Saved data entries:
────────────────────────────────────────

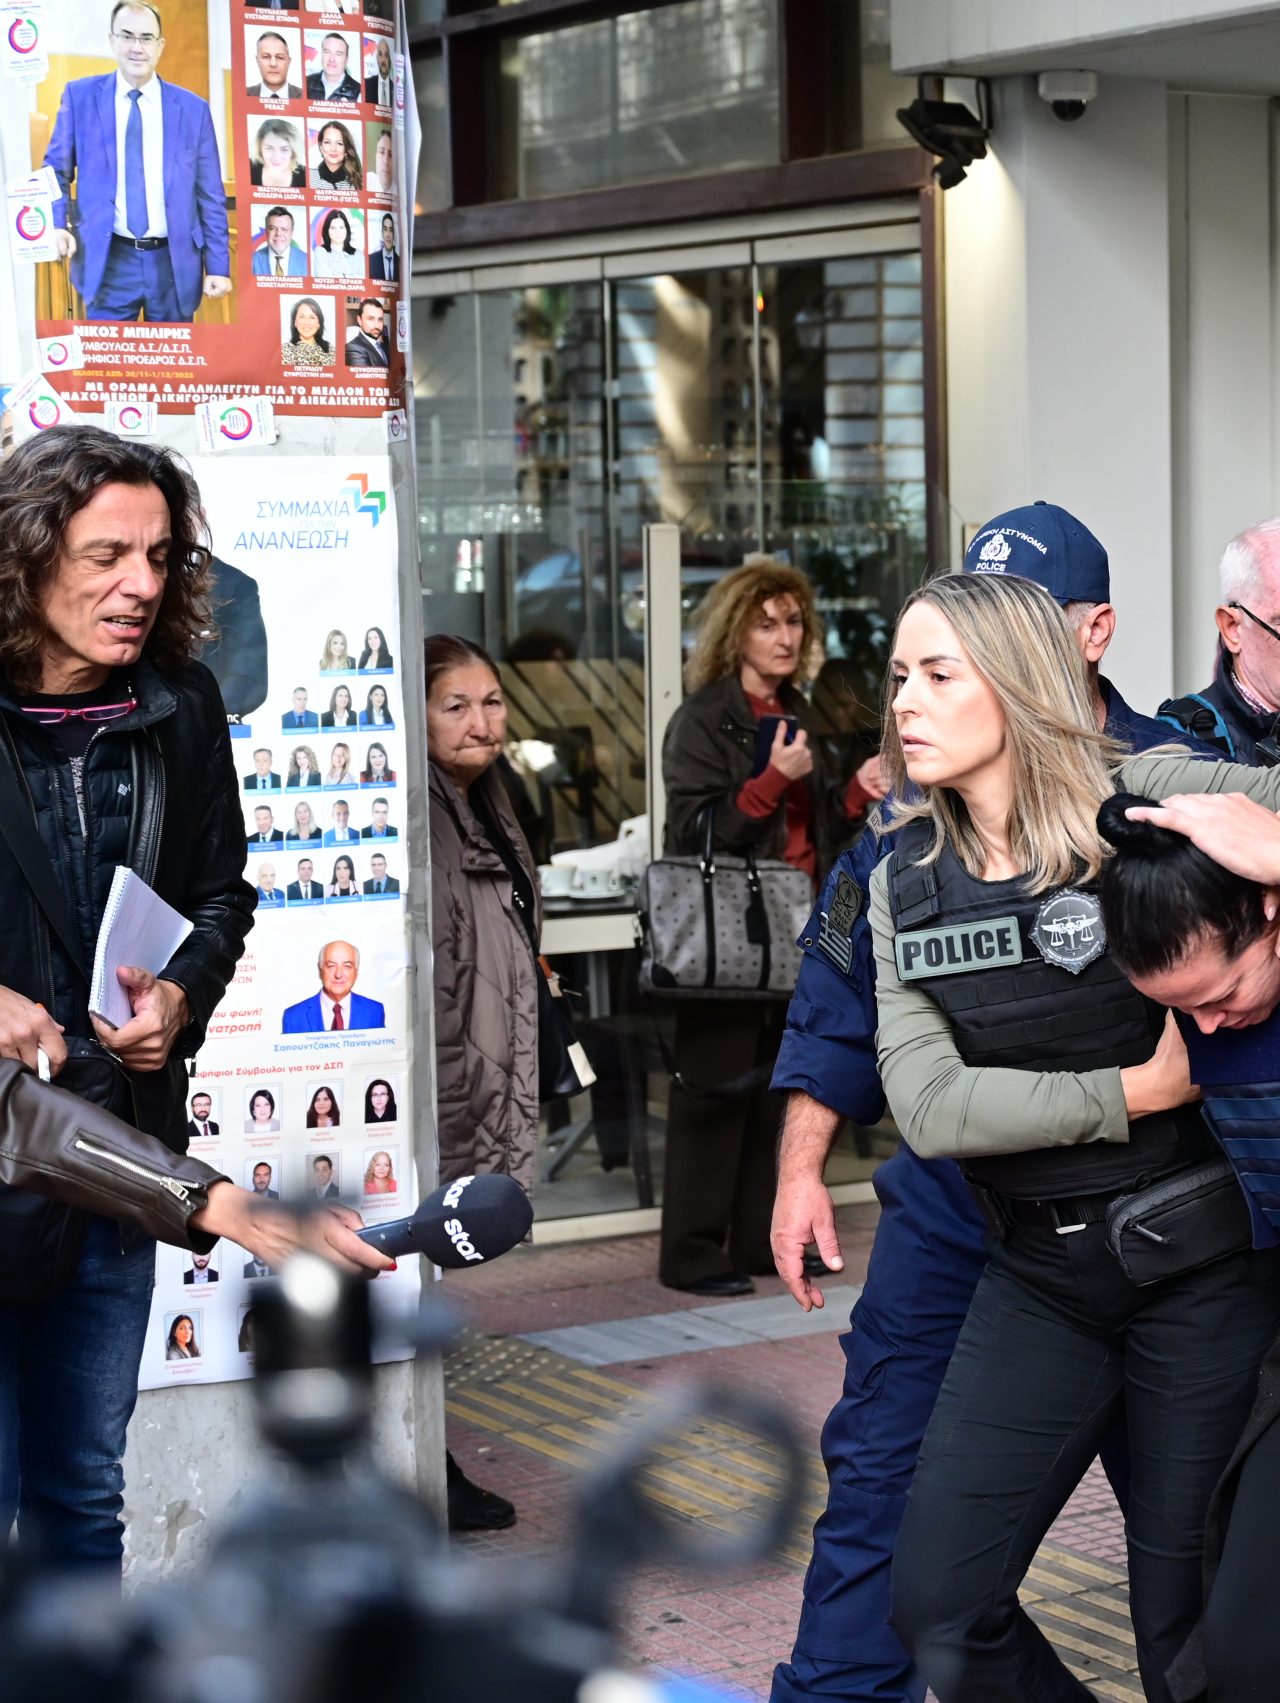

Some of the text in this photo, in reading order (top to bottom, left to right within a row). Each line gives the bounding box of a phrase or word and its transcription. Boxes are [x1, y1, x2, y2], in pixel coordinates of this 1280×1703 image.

[73, 325, 191, 340] ΝΙΚΟΣ ΜΠΙΛΙΡΗΣ
[81, 342, 136, 353] ΥΜΒΟΥΛΟΣ
[123, 354, 176, 365] ΠΡΟΕΔΡΟΣ
[178, 356, 208, 366] Δ.Σ.Π.
[85, 381, 104, 391] ΜΕ
[109, 382, 158, 393] ΟΡΑΜΑ
[163, 383, 172, 393] &
[178, 384, 260, 394] ΑΛΛΗΛΕΓΓΥΗ
[265, 385, 285, 395] ΓΙΑ
[290, 386, 306, 395] ΤΟ
[312, 386, 364, 396] ΜΕΛΛΟΝ
[299, 396, 386, 407] ΔΙΕΚΔΙΚΗΤΙΚΟ
[256, 500, 350, 518] ΣΥΜΜΑΧΙΑ
[234, 529, 349, 551] ΑΝΑΝΕΩΣΗ
[998, 528, 1048, 555] ΑΣΤΥΝΟΜΙΑ
[975, 561, 1007, 572] POLICE
[901, 926, 1015, 972] POLICE
[229, 1007, 263, 1019] φωνή!
[208, 1020, 262, 1035] νατροπή
[273, 1037, 397, 1052] Σαπουντζάκης Παναγιώτης
[235, 1066, 286, 1077] Σύμβουλοι
[288, 1065, 303, 1074] για
[305, 1064, 321, 1072] τον
[323, 1061, 344, 1070] ΔΣΠ
[444, 1218, 485, 1261] star

────────────────────────────────────────

Only the text of the entries belongs in the answer, copied exactly; the pictures stay out.

Some of the text in this photo, in reading order (top to bottom, left to right within a row). Each line gives the bounding box of a phrase or word and its transcription. Boxes are [x1, y1, x2, y2], in pixel coordinates of this 1280×1703 image.

[73, 325, 191, 340] ΝΙΚΟΣ ΜΠΙΛΙΡΗΣ
[81, 342, 136, 353] ΥΜΒΟΥΛΟΣ
[123, 354, 176, 365] ΠΡΟΕΔΡΟΣ
[178, 356, 208, 366] Δ.Σ.Π.
[85, 381, 104, 391] ΜΕ
[109, 382, 158, 393] ΟΡΑΜΑ
[163, 383, 172, 393] &
[178, 384, 260, 394] ΑΛΛΗΛΕΓΓΥΗ
[265, 385, 285, 395] ΓΙΑ
[290, 386, 306, 395] ΤΟ
[312, 386, 364, 396] ΜΕΛΛΟΝ
[299, 396, 386, 407] ΔΙΕΚΔΙΚΗΤΙΚΟ
[256, 500, 350, 518] ΣΥΜΜΑΧΙΑ
[234, 529, 349, 551] ΑΝΑΝΕΩΣΗ
[998, 528, 1048, 555] ΑΣΤΥΝΟΜΙΑ
[975, 561, 1007, 572] POLICE
[901, 926, 1015, 972] POLICE
[229, 1007, 263, 1019] φωνή!
[208, 1020, 262, 1035] νατροπή
[273, 1037, 397, 1052] Σαπουντζάκης Παναγιώτης
[235, 1066, 286, 1077] Σύμβουλοι
[288, 1065, 303, 1074] για
[305, 1064, 321, 1072] τον
[323, 1061, 344, 1070] ΔΣΠ
[444, 1218, 485, 1261] star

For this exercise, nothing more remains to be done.